=== Begin Enclosure ===

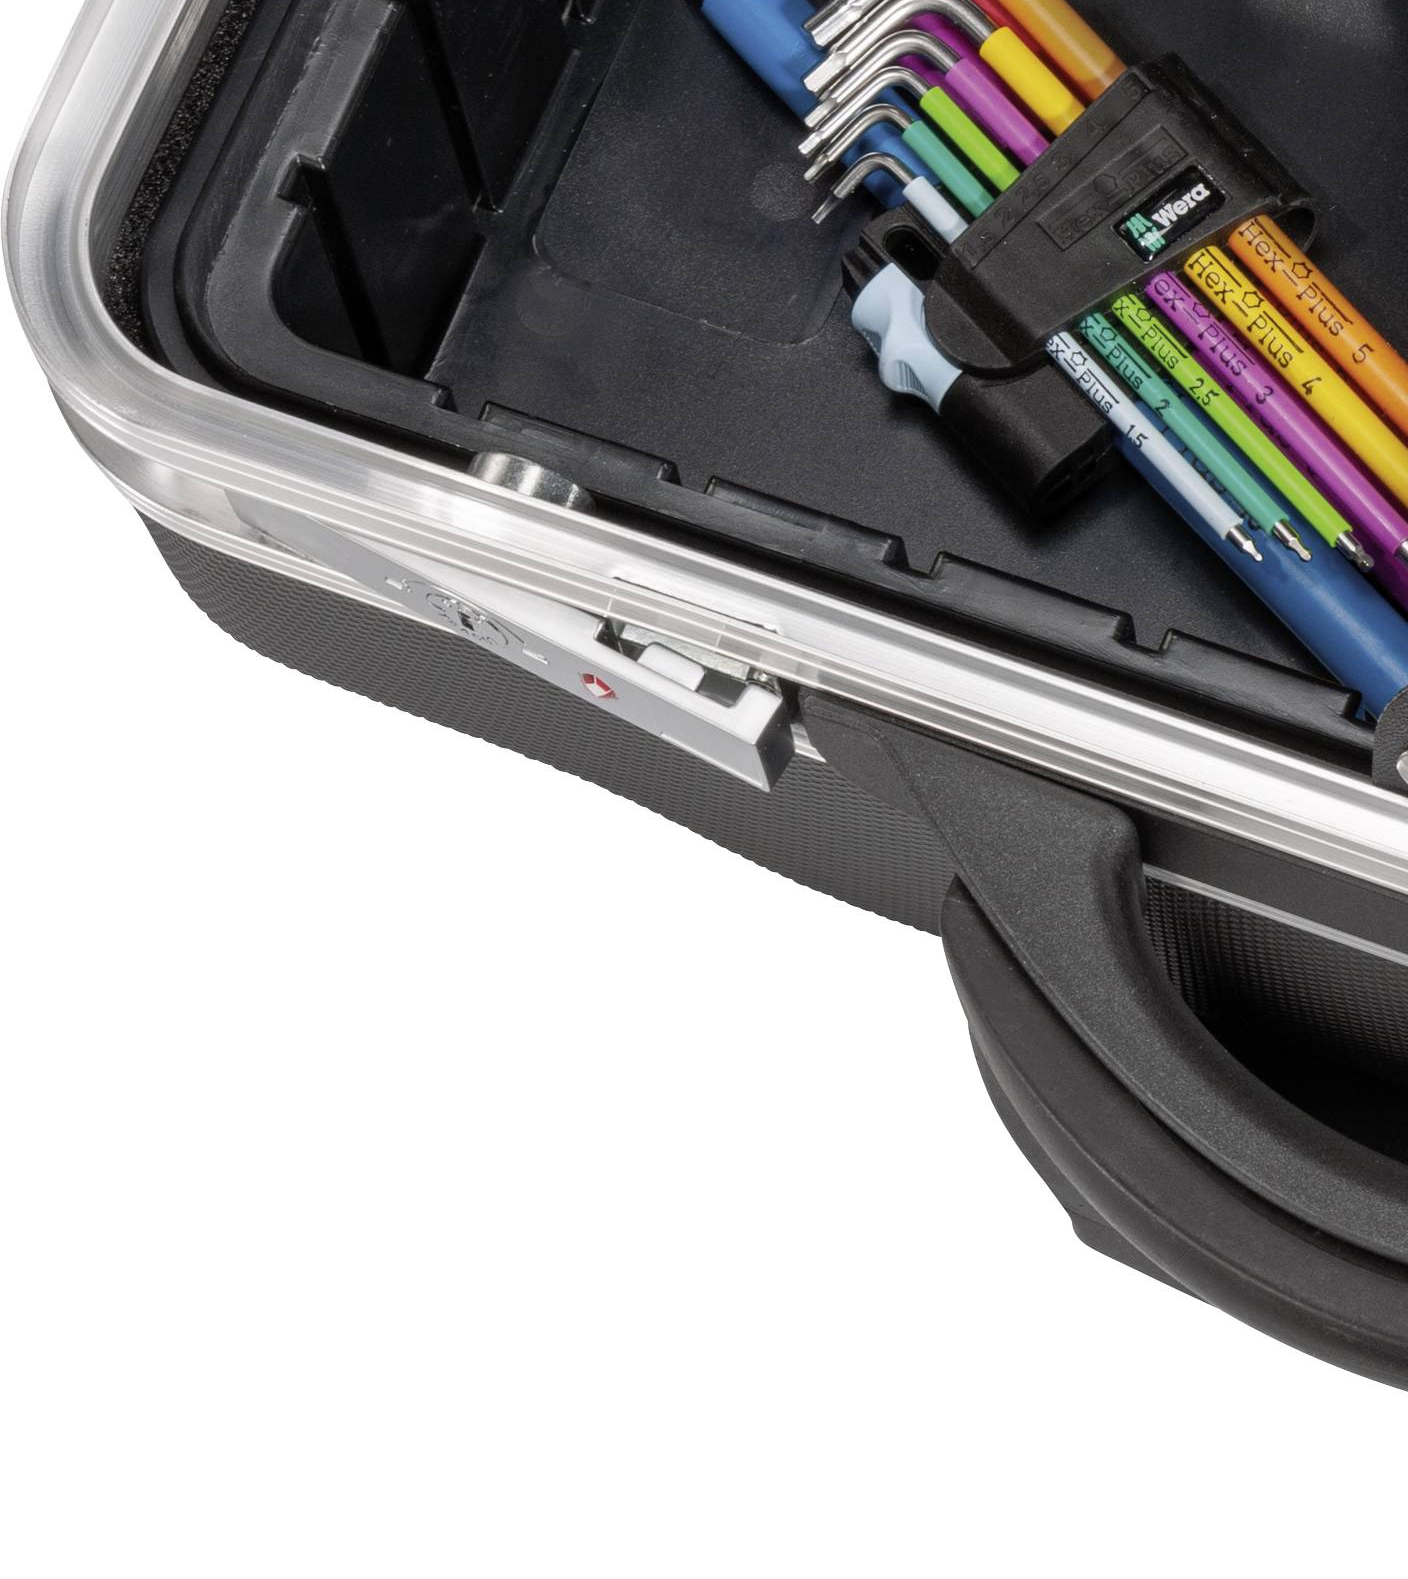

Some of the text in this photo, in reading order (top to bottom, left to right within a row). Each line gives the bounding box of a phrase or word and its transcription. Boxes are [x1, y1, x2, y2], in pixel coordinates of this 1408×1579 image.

[1152, 183, 1211, 227] Wera
[1187, 252, 1239, 305] Hex
[1245, 314, 1298, 369] Plus
[1299, 372, 1324, 397] 4
[1237, 219, 1374, 365] Hex Plus 5
[1139, 325, 1182, 371] Plus
[1151, 274, 1188, 312] ex
[1196, 323, 1250, 378] Plus
[1252, 383, 1276, 406] 3
[1075, 370, 1116, 415] Plus
[1104, 345, 1146, 389] Plus
[1152, 396, 1174, 418] 2
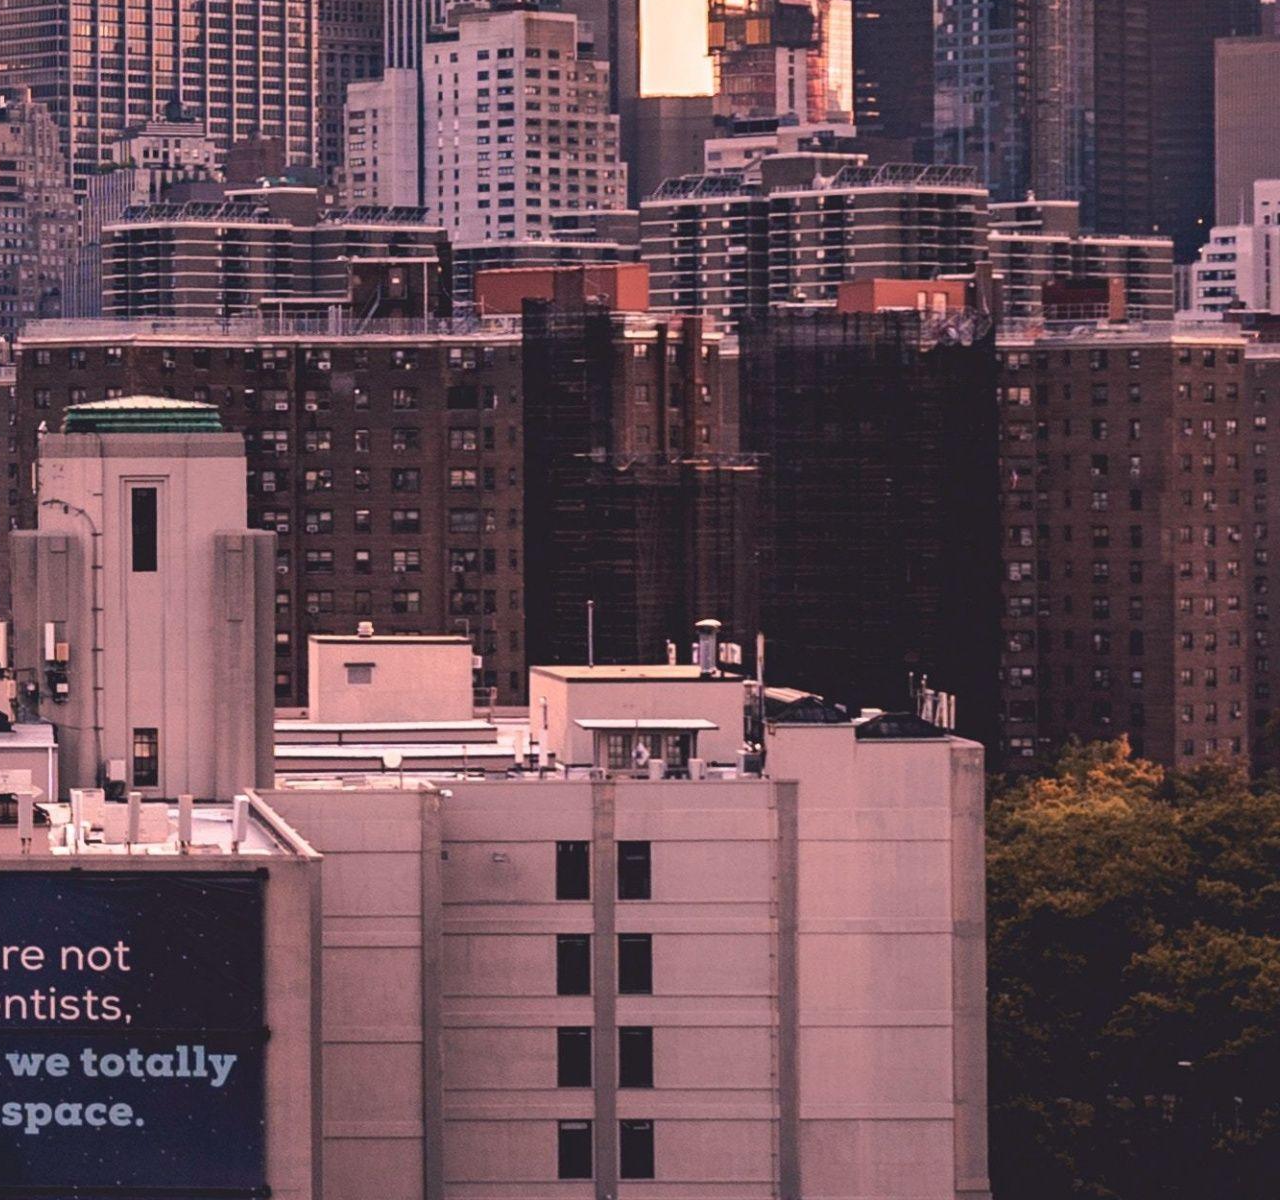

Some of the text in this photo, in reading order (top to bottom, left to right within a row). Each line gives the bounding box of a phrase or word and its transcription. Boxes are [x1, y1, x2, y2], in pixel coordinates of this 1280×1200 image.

[61, 940, 131, 971] not
[6, 1052, 70, 1077] we
[80, 1045, 237, 1087] totally
[2, 1099, 144, 1134] space.
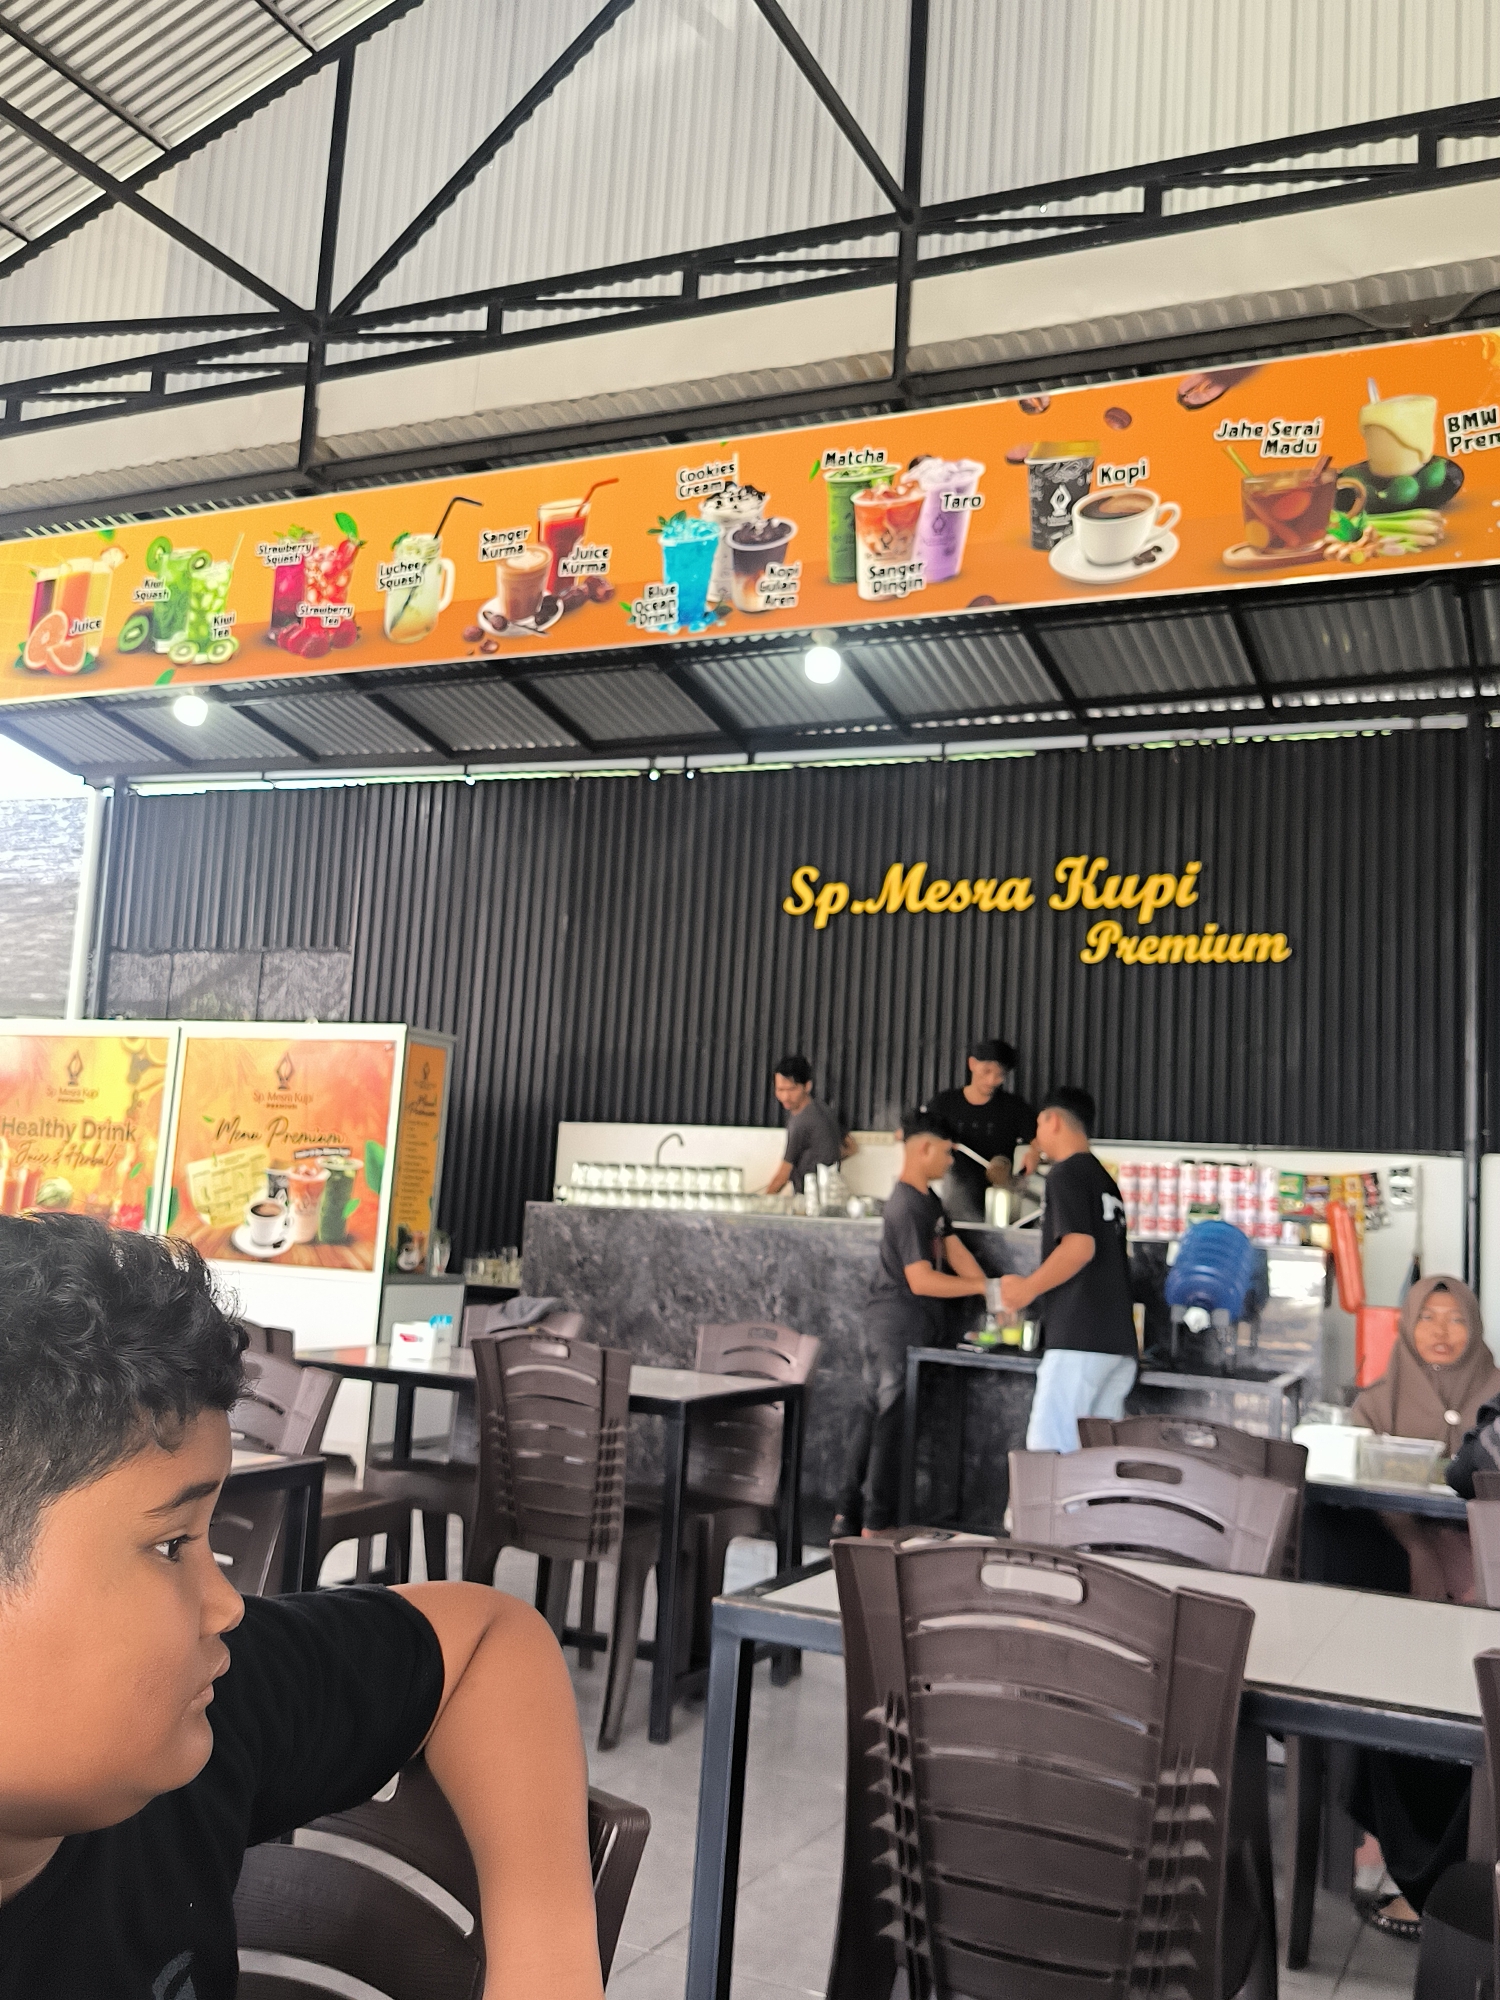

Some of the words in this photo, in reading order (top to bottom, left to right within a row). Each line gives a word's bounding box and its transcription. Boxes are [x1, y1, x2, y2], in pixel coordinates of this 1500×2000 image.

[1217, 421, 1263, 438] Jahe
[1271, 419, 1321, 437] Serai
[1447, 408, 1497, 433] BMW
[1264, 438, 1317, 455] Madu
[825, 450, 885, 466] Matcha
[679, 462, 735, 483] Cookies
[1100, 460, 1147, 484] Kopi
[679, 480, 723, 498] Cream
[943, 493, 982, 509] Taro
[482, 527, 530, 546] Sanger
[258, 543, 312, 555] Strawberry
[481, 544, 524, 560] Kurma
[571, 547, 609, 560] Juice
[266, 554, 301, 566] Squash
[561, 561, 607, 575] Kurma
[379, 561, 421, 577] Lychee
[769, 563, 799, 579] Kopi
[869, 561, 924, 580] Sanger
[378, 573, 422, 590] Squash
[873, 576, 924, 595] Dingin
[299, 605, 353, 617] Strawberry
[635, 599, 677, 614] Ocean
[71, 618, 102, 635] Juice
[213, 612, 235, 626] Kiwi
[1048, 854, 1202, 924] Kupi
[1080, 919, 1293, 965] Premium
[1, 1116, 76, 1144] Healthy
[81, 1117, 137, 1142] Drink
[214, 1115, 262, 1147] Menu
[265, 1116, 348, 1149] Premium
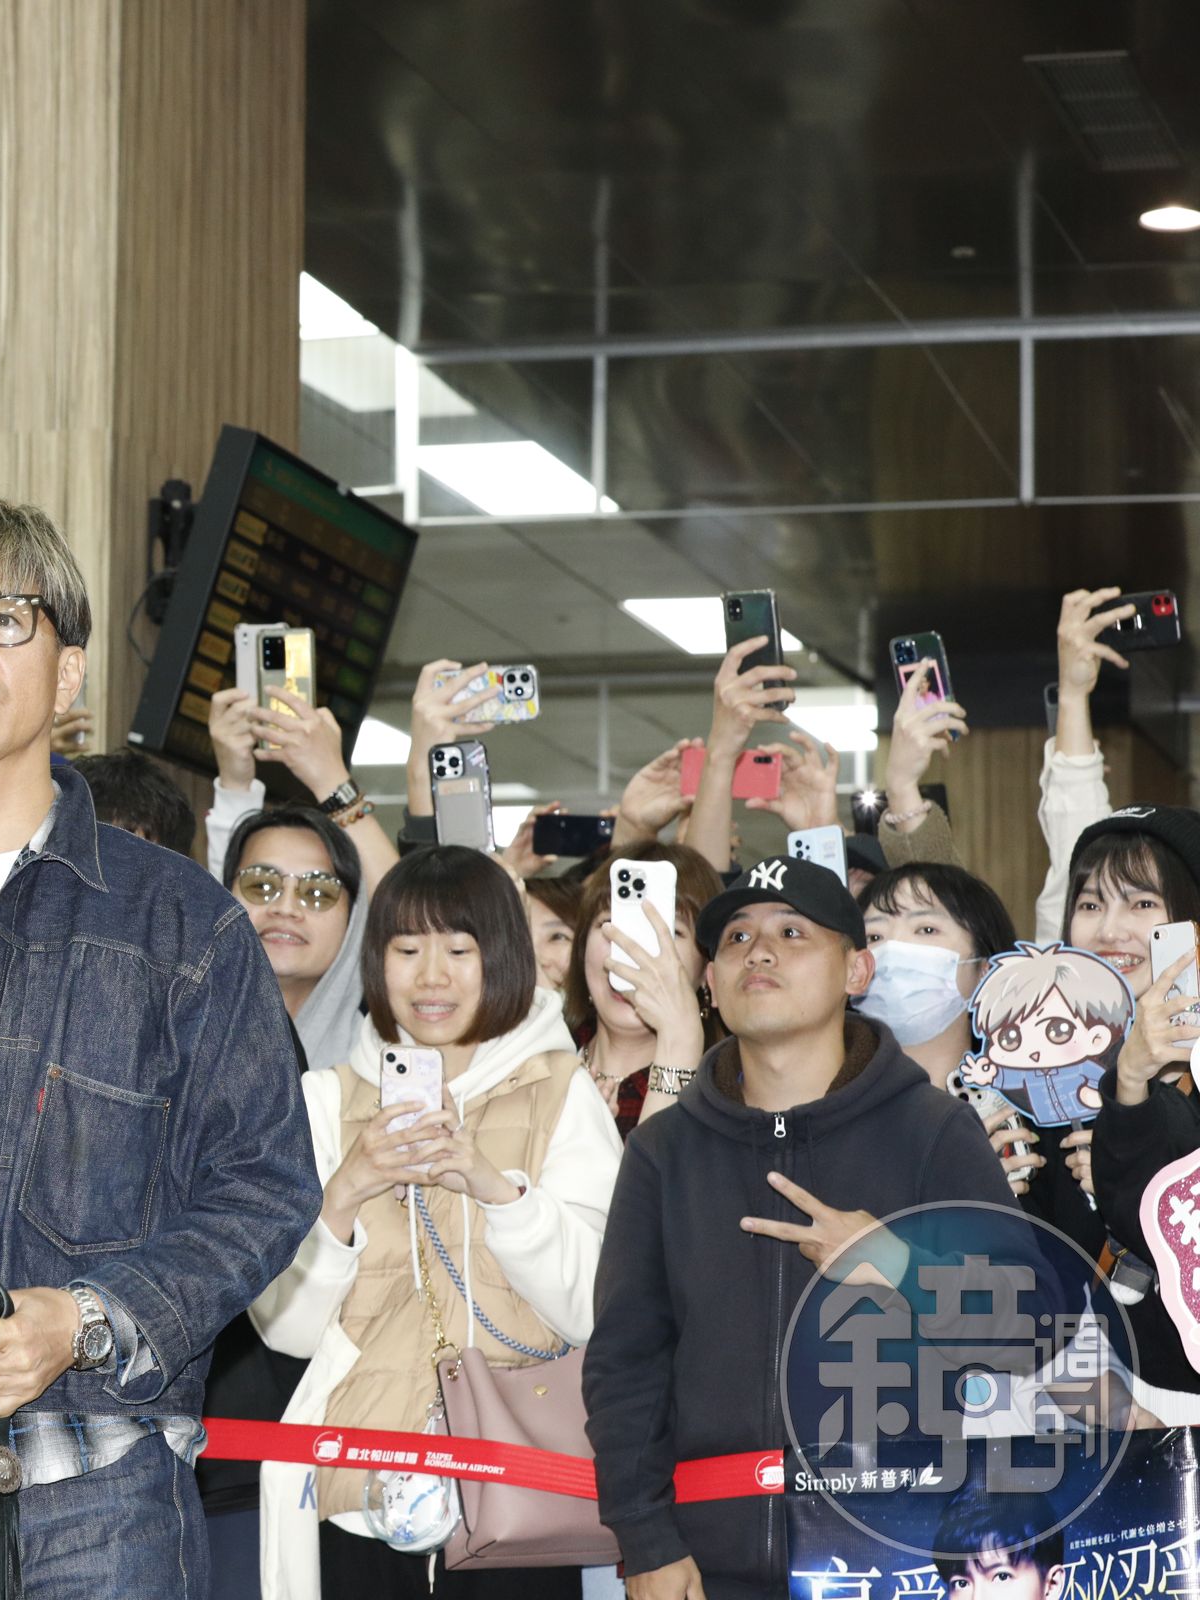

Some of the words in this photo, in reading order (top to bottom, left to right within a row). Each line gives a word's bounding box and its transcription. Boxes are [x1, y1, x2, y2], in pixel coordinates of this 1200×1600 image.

[748, 859, 788, 891] NY
[426, 1451, 454, 1461] TAIPEI
[424, 1459, 467, 1471] SONGSHAN
[467, 1464, 506, 1475] AIRPORT
[794, 1471, 858, 1494] Simply
[860, 1468, 917, 1489] 新普利

=== End Enclosure ===

The copy you produce must repeat all the entries exactly and contain no pictures.

▸ RESULT OF THIS EXERCISE:
Some of the text in this photo, in reading order (top to bottom, left to right within a row). Each line gives the bounding box of a phrase or word and its transcription. Boxes are [x1, y1, x2, y2], in pixel coordinates of this 1408×1579 image.

[1152, 183, 1211, 227] Wera
[1187, 252, 1239, 305] Hex
[1245, 314, 1298, 369] Plus
[1299, 372, 1324, 397] 4
[1237, 219, 1374, 365] Hex Plus 5
[1139, 325, 1182, 371] Plus
[1151, 274, 1188, 312] ex
[1196, 323, 1250, 378] Plus
[1252, 383, 1276, 406] 3
[1075, 370, 1116, 415] Plus
[1104, 345, 1146, 389] Plus
[1152, 396, 1174, 418] 2

Some of the text in this photo, in reading order (top to bottom, left to right within a row). Each line gives the bounding box of a phrase or word and its transcription. Boxes are [x1, y1, x2, y2], in pixel coordinates of this 1280×1200 image.

[61, 940, 131, 971] not
[6, 1052, 70, 1077] we
[80, 1045, 237, 1087] totally
[2, 1099, 144, 1134] space.

Some of the words in this photo, in reading order (top to bottom, left to right within a row). Each line gives a word's bounding box and its transcription. Boxes are [x1, y1, x2, y2], in pixel coordinates of this 1500×2000 image.

[1217, 421, 1263, 438] Jahe
[1271, 419, 1321, 437] Serai
[1447, 408, 1497, 433] BMW
[1264, 438, 1317, 455] Madu
[825, 450, 885, 466] Matcha
[679, 462, 735, 483] Cookies
[1100, 460, 1147, 484] Kopi
[679, 480, 723, 498] Cream
[943, 493, 982, 509] Taro
[482, 527, 530, 546] Sanger
[258, 543, 312, 555] Strawberry
[481, 544, 524, 560] Kurma
[571, 547, 609, 560] Juice
[266, 554, 301, 566] Squash
[561, 561, 607, 575] Kurma
[379, 561, 421, 577] Lychee
[769, 563, 799, 579] Kopi
[869, 561, 924, 580] Sanger
[378, 573, 422, 590] Squash
[873, 576, 924, 595] Dingin
[299, 605, 353, 617] Strawberry
[635, 599, 677, 614] Ocean
[71, 618, 102, 635] Juice
[213, 612, 235, 626] Kiwi
[1048, 854, 1202, 924] Kupi
[1080, 919, 1293, 965] Premium
[1, 1116, 76, 1144] Healthy
[81, 1117, 137, 1142] Drink
[214, 1115, 262, 1147] Menu
[265, 1116, 348, 1149] Premium

Some of the words in this photo, in reading order (top to bottom, left to right within a row). Each line gives a word's bounding box and its transcription. Boxes are [x1, y1, x2, y2], in pixel coordinates of this 1200×1600 image.

[748, 859, 788, 891] NY
[426, 1451, 454, 1461] TAIPEI
[424, 1459, 467, 1471] SONGSHAN
[467, 1464, 506, 1475] AIRPORT
[794, 1471, 858, 1494] Simply
[860, 1468, 917, 1489] 新普利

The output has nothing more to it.